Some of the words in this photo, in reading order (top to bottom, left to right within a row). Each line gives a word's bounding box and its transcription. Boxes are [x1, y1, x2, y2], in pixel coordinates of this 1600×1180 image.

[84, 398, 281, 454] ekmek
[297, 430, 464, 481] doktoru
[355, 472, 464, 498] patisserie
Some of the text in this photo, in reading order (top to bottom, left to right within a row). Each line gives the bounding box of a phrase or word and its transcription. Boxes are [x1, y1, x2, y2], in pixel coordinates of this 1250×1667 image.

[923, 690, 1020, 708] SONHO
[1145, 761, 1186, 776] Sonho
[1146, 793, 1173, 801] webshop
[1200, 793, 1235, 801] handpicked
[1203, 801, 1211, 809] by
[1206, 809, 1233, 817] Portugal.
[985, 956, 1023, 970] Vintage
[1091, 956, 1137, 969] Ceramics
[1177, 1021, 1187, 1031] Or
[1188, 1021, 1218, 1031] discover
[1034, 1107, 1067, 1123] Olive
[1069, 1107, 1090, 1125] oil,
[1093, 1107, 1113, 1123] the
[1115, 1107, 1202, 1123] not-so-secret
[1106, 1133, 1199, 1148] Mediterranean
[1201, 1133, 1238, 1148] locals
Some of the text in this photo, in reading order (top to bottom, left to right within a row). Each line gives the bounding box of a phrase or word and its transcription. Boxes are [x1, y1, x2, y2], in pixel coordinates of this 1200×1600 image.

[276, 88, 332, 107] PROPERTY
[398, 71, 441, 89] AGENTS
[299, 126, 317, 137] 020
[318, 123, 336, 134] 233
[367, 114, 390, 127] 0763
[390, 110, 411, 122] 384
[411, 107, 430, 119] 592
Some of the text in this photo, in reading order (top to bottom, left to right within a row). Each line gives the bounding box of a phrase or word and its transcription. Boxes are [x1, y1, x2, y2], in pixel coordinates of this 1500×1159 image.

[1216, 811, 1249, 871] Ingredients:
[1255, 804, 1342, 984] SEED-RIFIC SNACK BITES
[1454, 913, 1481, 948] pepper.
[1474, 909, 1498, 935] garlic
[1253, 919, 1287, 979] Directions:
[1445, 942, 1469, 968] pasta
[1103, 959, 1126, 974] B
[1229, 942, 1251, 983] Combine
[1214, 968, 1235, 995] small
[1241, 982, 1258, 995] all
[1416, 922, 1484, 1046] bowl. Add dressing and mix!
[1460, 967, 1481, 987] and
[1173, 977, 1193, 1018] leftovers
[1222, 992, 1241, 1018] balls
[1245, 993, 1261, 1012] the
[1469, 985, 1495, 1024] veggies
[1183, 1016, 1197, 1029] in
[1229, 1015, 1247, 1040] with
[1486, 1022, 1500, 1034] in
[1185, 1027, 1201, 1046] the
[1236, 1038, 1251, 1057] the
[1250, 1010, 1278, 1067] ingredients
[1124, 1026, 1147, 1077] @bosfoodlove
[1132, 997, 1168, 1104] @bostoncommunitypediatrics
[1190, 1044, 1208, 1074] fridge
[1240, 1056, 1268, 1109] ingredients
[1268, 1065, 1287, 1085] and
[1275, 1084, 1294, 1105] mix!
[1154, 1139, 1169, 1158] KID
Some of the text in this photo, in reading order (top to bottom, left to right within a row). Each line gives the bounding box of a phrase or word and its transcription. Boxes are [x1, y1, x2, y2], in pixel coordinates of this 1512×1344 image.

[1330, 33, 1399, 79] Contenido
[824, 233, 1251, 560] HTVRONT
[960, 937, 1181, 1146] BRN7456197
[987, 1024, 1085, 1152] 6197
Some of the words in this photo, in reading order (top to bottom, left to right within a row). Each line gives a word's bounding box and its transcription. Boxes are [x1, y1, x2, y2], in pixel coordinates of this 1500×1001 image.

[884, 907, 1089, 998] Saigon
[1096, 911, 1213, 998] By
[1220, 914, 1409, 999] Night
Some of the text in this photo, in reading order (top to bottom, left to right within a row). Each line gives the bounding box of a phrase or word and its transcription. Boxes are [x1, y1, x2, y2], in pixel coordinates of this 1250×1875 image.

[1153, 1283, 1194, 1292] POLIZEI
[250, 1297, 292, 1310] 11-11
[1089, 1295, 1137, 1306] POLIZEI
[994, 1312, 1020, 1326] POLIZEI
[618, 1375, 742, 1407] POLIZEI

WORK ORDER
Copy the listing above out again in its entirety, exactly as written.

TASK ANSWER
Some of the words in this photo, in reading order (top to bottom, left to right within a row). Each line gives a word's bounding box and its transcription. Boxes are [x1, y1, x2, y2], in pixel coordinates of this 1600×1180 image.

[84, 398, 281, 454] ekmek
[297, 430, 464, 481] doktoru
[355, 472, 464, 498] patisserie
Some of the text in this photo, in reading order (top to bottom, left to right within a row). Each line gives the bounding box of a phrase or word and its transcription. Boxes are [x1, y1, x2, y2], in pixel coordinates of this 1250×1667 image.

[923, 690, 1020, 708] SONHO
[1145, 761, 1186, 776] Sonho
[1146, 793, 1173, 801] webshop
[1200, 793, 1235, 801] handpicked
[1203, 801, 1211, 809] by
[1206, 809, 1233, 817] Portugal.
[985, 956, 1023, 970] Vintage
[1091, 956, 1137, 969] Ceramics
[1177, 1021, 1187, 1031] Or
[1188, 1021, 1218, 1031] discover
[1034, 1107, 1067, 1123] Olive
[1069, 1107, 1090, 1125] oil,
[1093, 1107, 1113, 1123] the
[1115, 1107, 1202, 1123] not-so-secret
[1106, 1133, 1199, 1148] Mediterranean
[1201, 1133, 1238, 1148] locals
Some of the text in this photo, in reading order (top to bottom, left to right within a row). Each line gives the bounding box of a phrase or word and its transcription. Boxes are [x1, y1, x2, y2], in pixel coordinates of this 1200×1600 image.

[276, 88, 332, 107] PROPERTY
[398, 71, 441, 89] AGENTS
[299, 126, 317, 137] 020
[318, 123, 336, 134] 233
[367, 114, 390, 127] 0763
[390, 110, 411, 122] 384
[411, 107, 430, 119] 592
Some of the text in this photo, in reading order (top to bottom, left to right within a row). Each line gives the bounding box of a phrase or word and its transcription. Boxes are [x1, y1, x2, y2], in pixel coordinates of this 1500×1159 image.

[1216, 811, 1249, 871] Ingredients:
[1255, 804, 1342, 984] SEED-RIFIC SNACK BITES
[1454, 913, 1481, 948] pepper.
[1474, 909, 1498, 935] garlic
[1253, 919, 1287, 979] Directions:
[1445, 942, 1469, 968] pasta
[1103, 959, 1126, 974] B
[1229, 942, 1251, 983] Combine
[1214, 968, 1235, 995] small
[1241, 982, 1258, 995] all
[1416, 922, 1484, 1046] bowl. Add dressing and mix!
[1460, 967, 1481, 987] and
[1173, 977, 1193, 1018] leftovers
[1222, 992, 1241, 1018] balls
[1245, 993, 1261, 1012] the
[1469, 985, 1495, 1024] veggies
[1183, 1016, 1197, 1029] in
[1229, 1015, 1247, 1040] with
[1486, 1022, 1500, 1034] in
[1185, 1027, 1201, 1046] the
[1236, 1038, 1251, 1057] the
[1250, 1010, 1278, 1067] ingredients
[1124, 1026, 1147, 1077] @bosfoodlove
[1132, 997, 1168, 1104] @bostoncommunitypediatrics
[1190, 1044, 1208, 1074] fridge
[1240, 1056, 1268, 1109] ingredients
[1268, 1065, 1287, 1085] and
[1275, 1084, 1294, 1105] mix!
[1154, 1139, 1169, 1158] KID
Some of the text in this photo, in reading order (top to bottom, left to right within a row). Each line gives the bounding box of a phrase or word and its transcription. Boxes are [x1, y1, x2, y2], in pixel coordinates of this 1512×1344 image.

[1330, 33, 1399, 79] Contenido
[824, 233, 1251, 560] HTVRONT
[960, 937, 1181, 1146] BRN7456197
[987, 1024, 1085, 1152] 6197
Some of the words in this photo, in reading order (top to bottom, left to right within a row). Each line gives a word's bounding box and its transcription. Boxes are [x1, y1, x2, y2], in pixel coordinates of this 1500×1001 image.

[884, 907, 1089, 998] Saigon
[1096, 911, 1213, 998] By
[1220, 914, 1409, 999] Night
Some of the text in this photo, in reading order (top to bottom, left to right within a row). Each line gives the bounding box of a phrase or word and its transcription. Boxes are [x1, y1, x2, y2], in pixel coordinates of this 1250×1875 image.

[1153, 1283, 1194, 1292] POLIZEI
[250, 1297, 292, 1310] 11-11
[1089, 1295, 1137, 1306] POLIZEI
[994, 1312, 1020, 1326] POLIZEI
[618, 1375, 742, 1407] POLIZEI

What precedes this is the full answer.